This article was originally published on ETFTrends.com.
The Turkey country-specific ETF plunged Tuesday on growing concerns over President Recep Tayyip Erdogan’s hand over monetary policy during a delicate time in the economy's recovery.
The iShares MSCI Turkey ETF (TUR) declined 6.0% Tuesday. Further weighing on the Turkish markets, the U.S. Dollar strengthened 3.2% against the Turkish lira to ₺4.8934.
Turkish Central Bank Leaves Main Rate Unchanged
Dragging on the the markets, the Turkish central bank left its main rate unchanged at 17.75% in its first monetary policy decision since Erdogan was re-elected and acquired greater expanded executive powers, the Wall Street Journal reports.
Tuesday’s decision “wasn’t about monetary policy, it was about the independence of the central bank,” Viktor Szabo, a senior investment manager at Aberdeen Standard Investments, told the WSJ. “Turkey needs to get lucky with the external environment not to get a currency selloff. It’s the most obvious victim having one of the poorest external balances.”
The decision ran counter to what many market participants expected as analysts were calling for a rise of at least a percentage point to combat inflation, which climbed to 15.4% last month, its highest annual rate in 15 years.

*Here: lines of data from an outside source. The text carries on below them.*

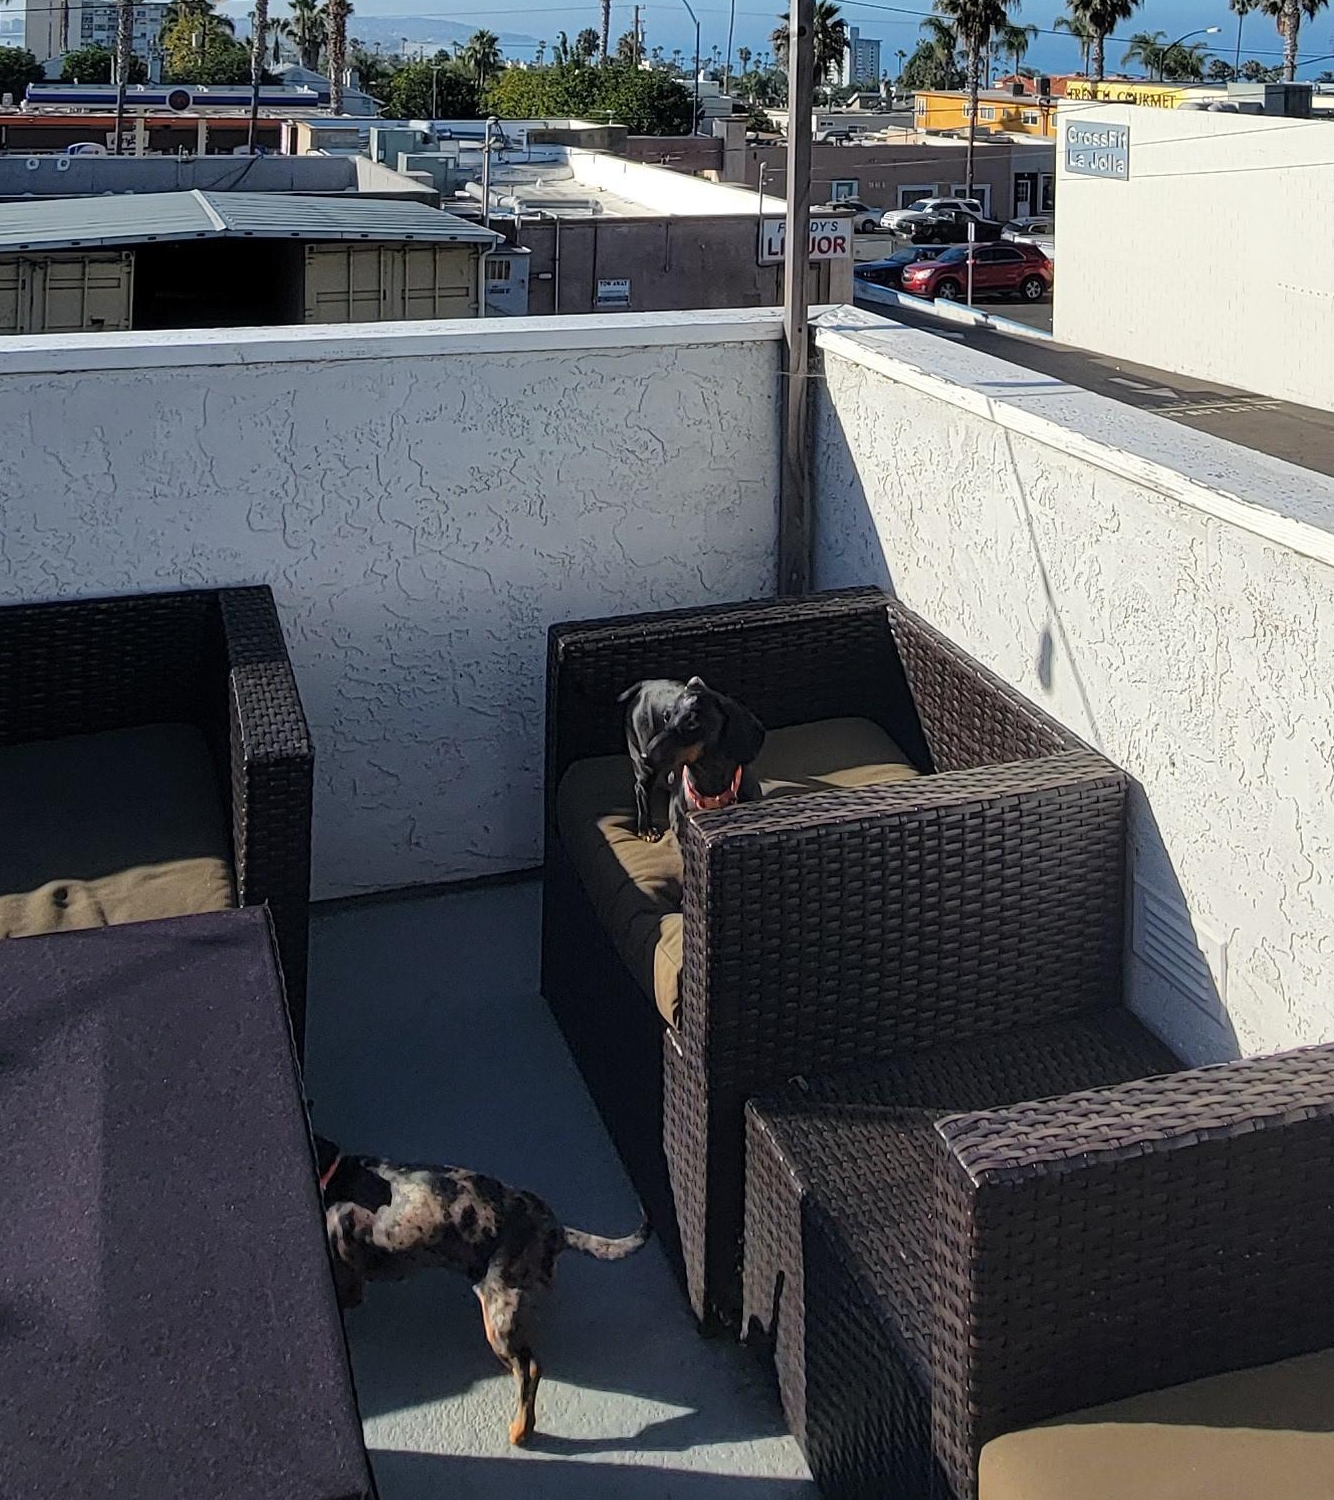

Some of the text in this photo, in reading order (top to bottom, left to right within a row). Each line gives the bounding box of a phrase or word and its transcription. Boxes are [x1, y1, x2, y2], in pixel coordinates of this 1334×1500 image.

[1069, 87, 1111, 101] FRENCH
[1067, 125, 1128, 150] CrossFit
[1067, 148, 1125, 174] La Jolla
[777, 221, 839, 233] FDY'S
[768, 235, 847, 256] LIUOR

Further fueling the exodus from Turkey's market, the lira currency has lost almost a quarter of its value against the greenback since the start of the year on rising concerns that Erdogan would diminish the central bank's independence and influence monetary policy decisions. Erdogan has long promoted lower interest rates to support investment and consumer demand despite surging inflationary pressures.
Furthermore, the weak lira will especially weigh on the country's debt as Turkey has one of the highest levels of external debt among developing countries at 53.4% of gross domestic product, so a weaker lira increases liabilities when converting debt denominated in foreign currencies.